In [4]:
%%writefile ../../modules/data_setup.py
"""
Module for creating PyTorch DataLoaders for image classification data
"""
import os
import torch
from pathlib import Path
from torch.utils.data import DataLoader
from torchvision import datasets, transforms

NUM_WORKERS = os.cpu_count() or 1

def create_dataloaders(
    train_dir: Path,
    test_dir: Path,
    transform: transforms.Compose,
    batch_size: int,
    num_workers: int=NUM_WORKERS
):
    """Creates training and testing DataLoaders

    Takes in a training directory and a test directory, and turns them into PyTorch datasets and then into PyTorch DataLoaders

    Args:
        train_dir: Path to training directory
        test_dir: Path to testing directory
        transform: torchvision transforms to beperformed on training and testing data
        batch_size: Batch size for the DataLoaders
        num_workers: Number of workers for the DataLoaders

    Returns:
        A tuple of (train_dataloader, test_dataloader, class_names), where class_names is a list of the target classes.
    """

    train_dataset = datasets.ImageFolder(train_dir, transform=transform)
    test_dataset = datasets.ImageFolder(test_dir, transform=transform)

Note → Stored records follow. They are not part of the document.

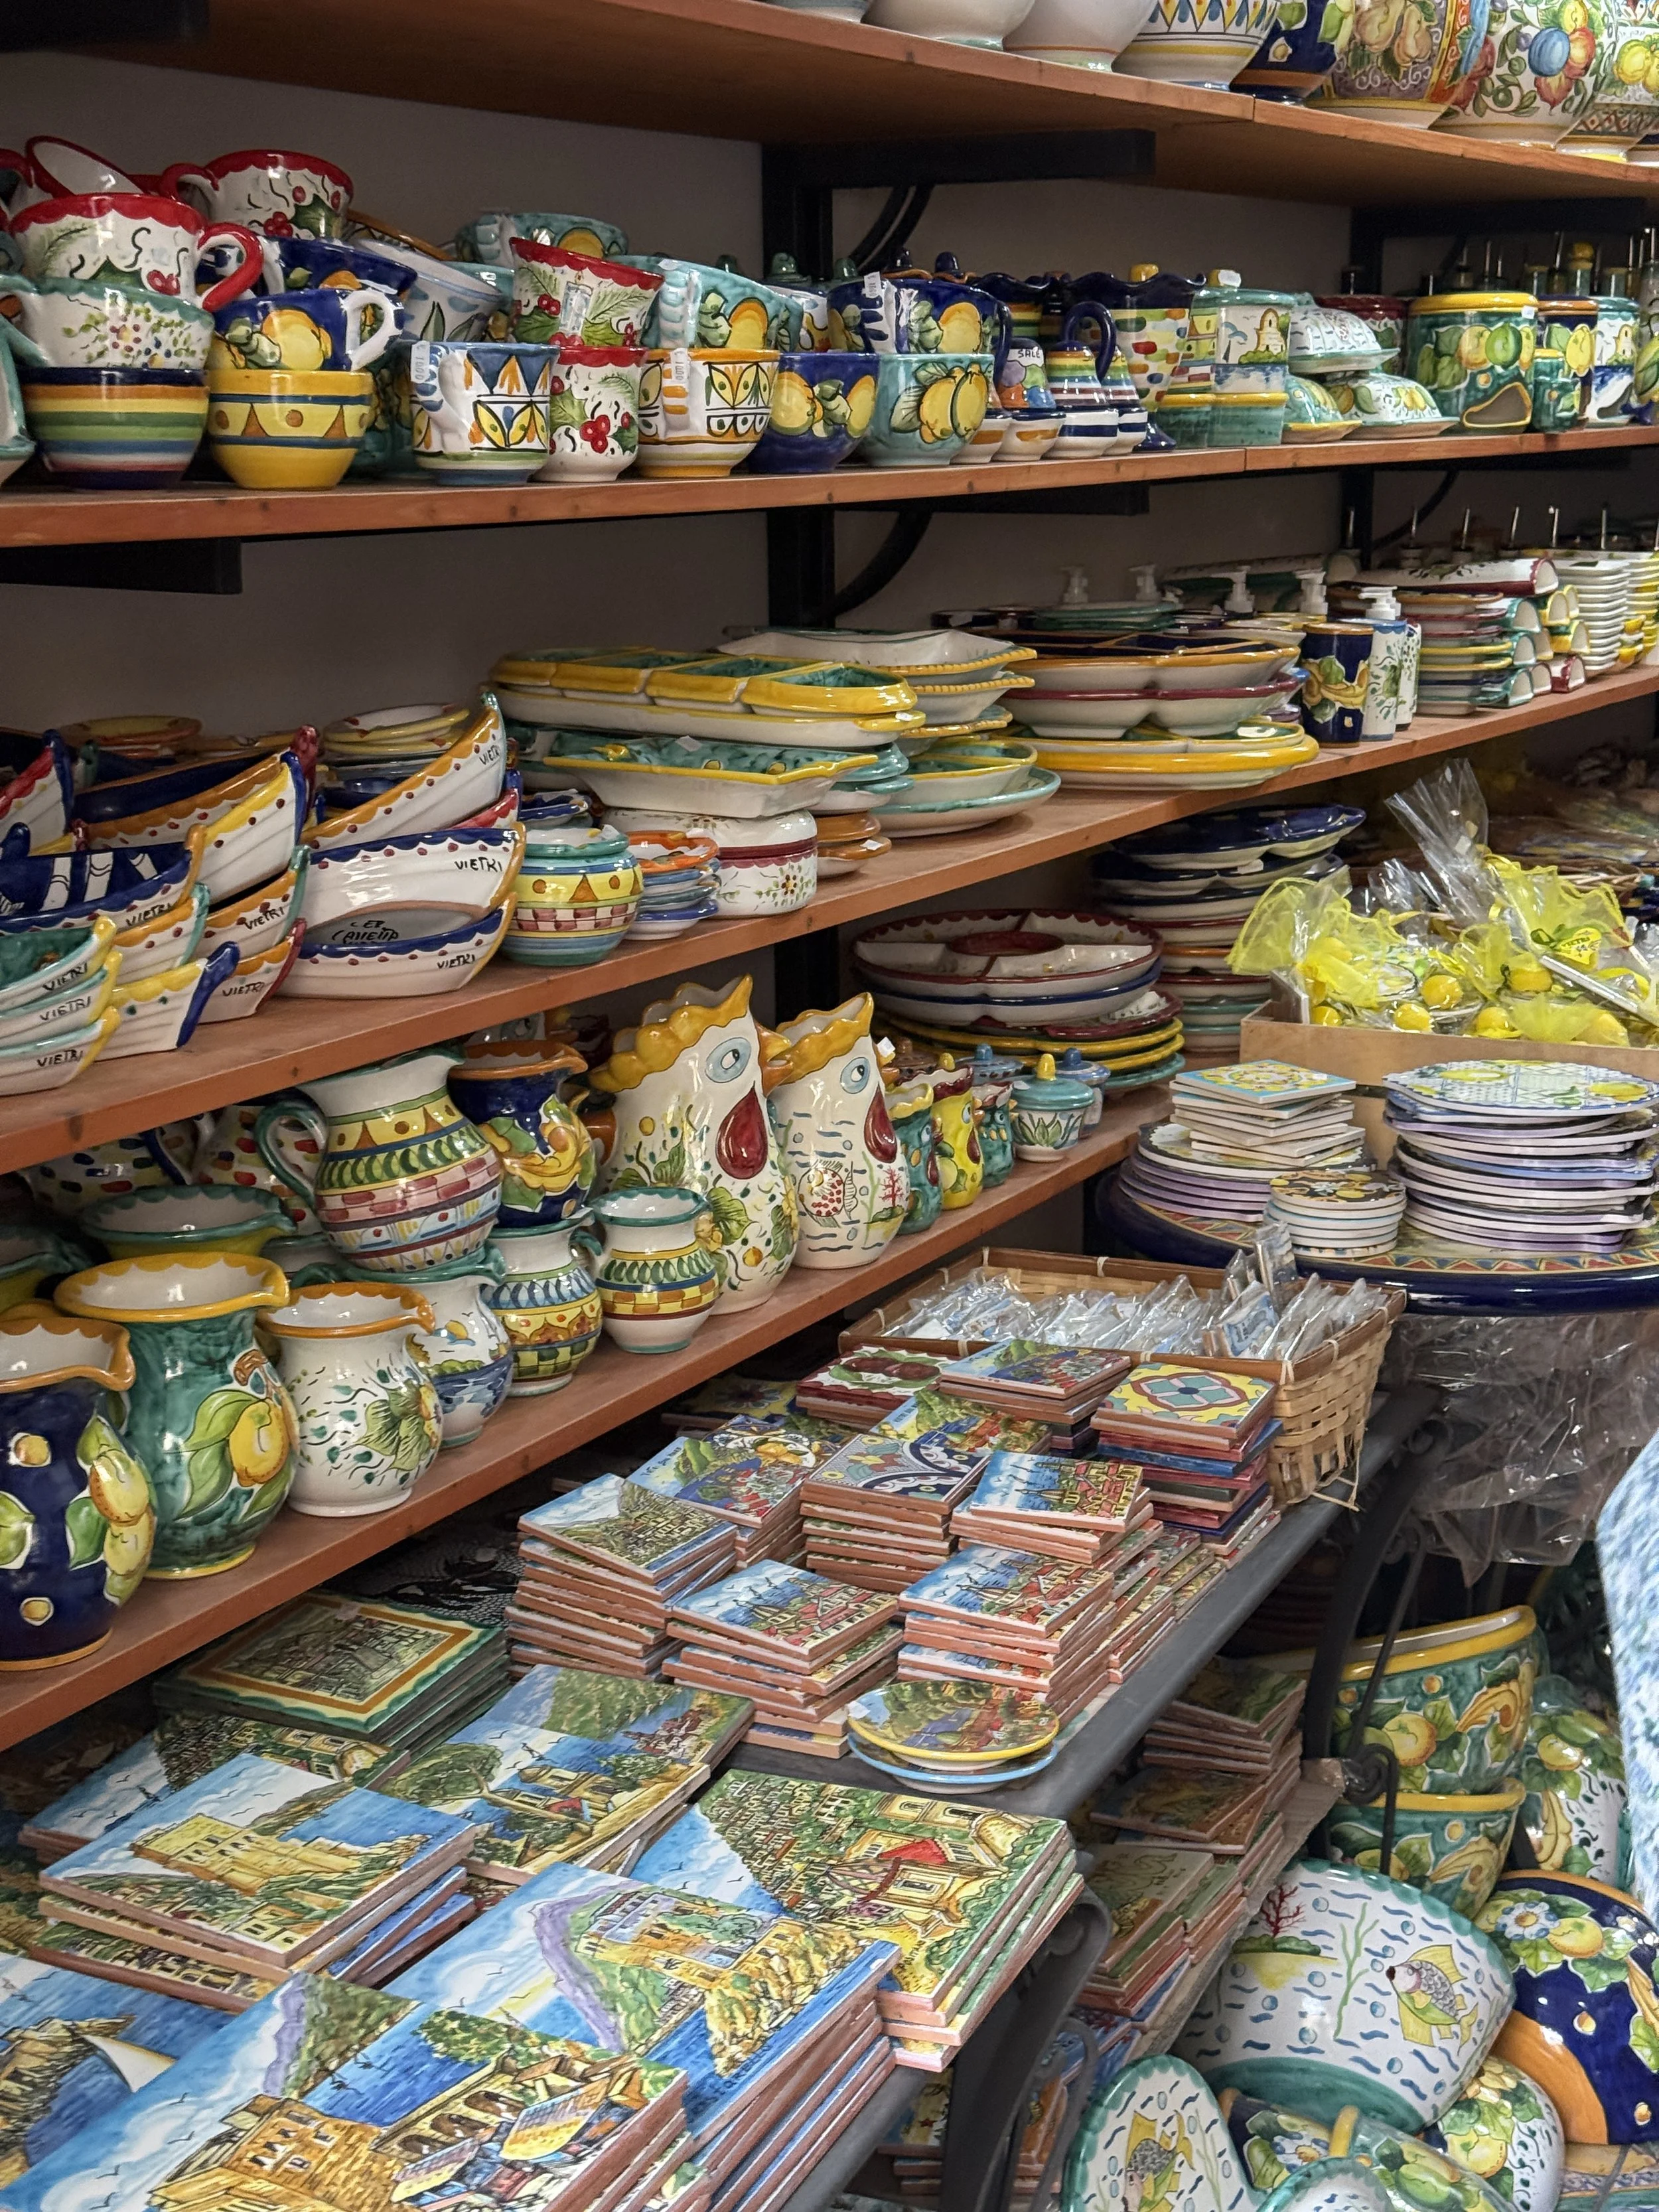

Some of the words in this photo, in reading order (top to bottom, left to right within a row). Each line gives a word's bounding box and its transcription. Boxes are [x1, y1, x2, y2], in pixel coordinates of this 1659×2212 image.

[1018, 349, 1041, 358] SALE
[479, 745, 500, 765] VIETR
[454, 856, 502, 872] VIETRI
[244, 907, 285, 930] VIETRI
[437, 954, 476, 969] VIETRI
[42, 962, 88, 991] VIETRI
[222, 981, 265, 997] VIETRI
[39, 996, 91, 1021] VIETRI
[36, 1049, 84, 1067] VIETRI

    class_names = train_dataset.classes

    train_dataloader = DataLoader(
        train_dataset,
        batch_size=batch_size,
        num_workers=num_workers,
        shuffle=True,
        pin_memory=torch.cuda.is_available()
    )

    test_dataloader = DataLoader(
        test_dataset,
        batch_size=batch_size,
        num_workers=num_workers,
        shuffle=False,
        pin_memory=torch.cuda.is_available()
    )

    return train_dataloader, test_dataloader, class_names

Overwriting ../../modules/data_setup.py


In [1]:
%%writefile ../../modules/model_builder.py
"""
Module to instantiate a TinyVGG PyTorch model
"""
import torch
import torchvision
from torch import nn

class TinyVGG(nn.Module):
    """Creates the TinyVGG architecture
    
    Replicates, with some differences, the TinyVGG architecture from the CNN explainer website in PyTorch.
    Original architecture at: https://poloclub.github.io/cnn-explainer/.
    
    Args:
        input_shape: The number of input channels
        hidden_units: The number of hidden units between layers
        output_shape: The number of output units, ofter the number of classes
    """
    def __init__(self, input_shape: int, hidden_units: int, output_shape: int):
        super().__init__()
        self.conv_block_1 = nn.Sequential(
            nn.Conv2d(
                in_channels=input_shape,
                out_channels=hidden_units,
                kernel_size=3,
            ),
            nn.ReLU(),
            nn.Conv2d(
                in_channels=hidden_units,
                out_channels=hidden_units,
                kernel_size=3
            ),
            nn.ReLU(),
            nn.MaxPool2d(
                kernel_size=2
            )
        )
        self.conv_block_2 = nn.Sequential(
            nn.Conv2d(hidden_units, hidden_units, 3),
            nn.ReLU(),
            nn.Conv2d(hidden_units, hidden_units, 3),
            nn.ReLU(),
            nn.MaxPool2d(2)
        )
        self.classifier = nn.Sequential(
            # Using adaptive average to avoid hardcoding input image dimensions in the last linear layer
            nn.AdaptiveAvgPool2d((7, 7)),
            nn.Flatten(),
            nn.Linear(hidden_units*7*7, output_shape)
        )
    
    def forward(self, x: torch.Tensor):
        return self.classifier(self.conv_block_2(self.conv_block_1(x)))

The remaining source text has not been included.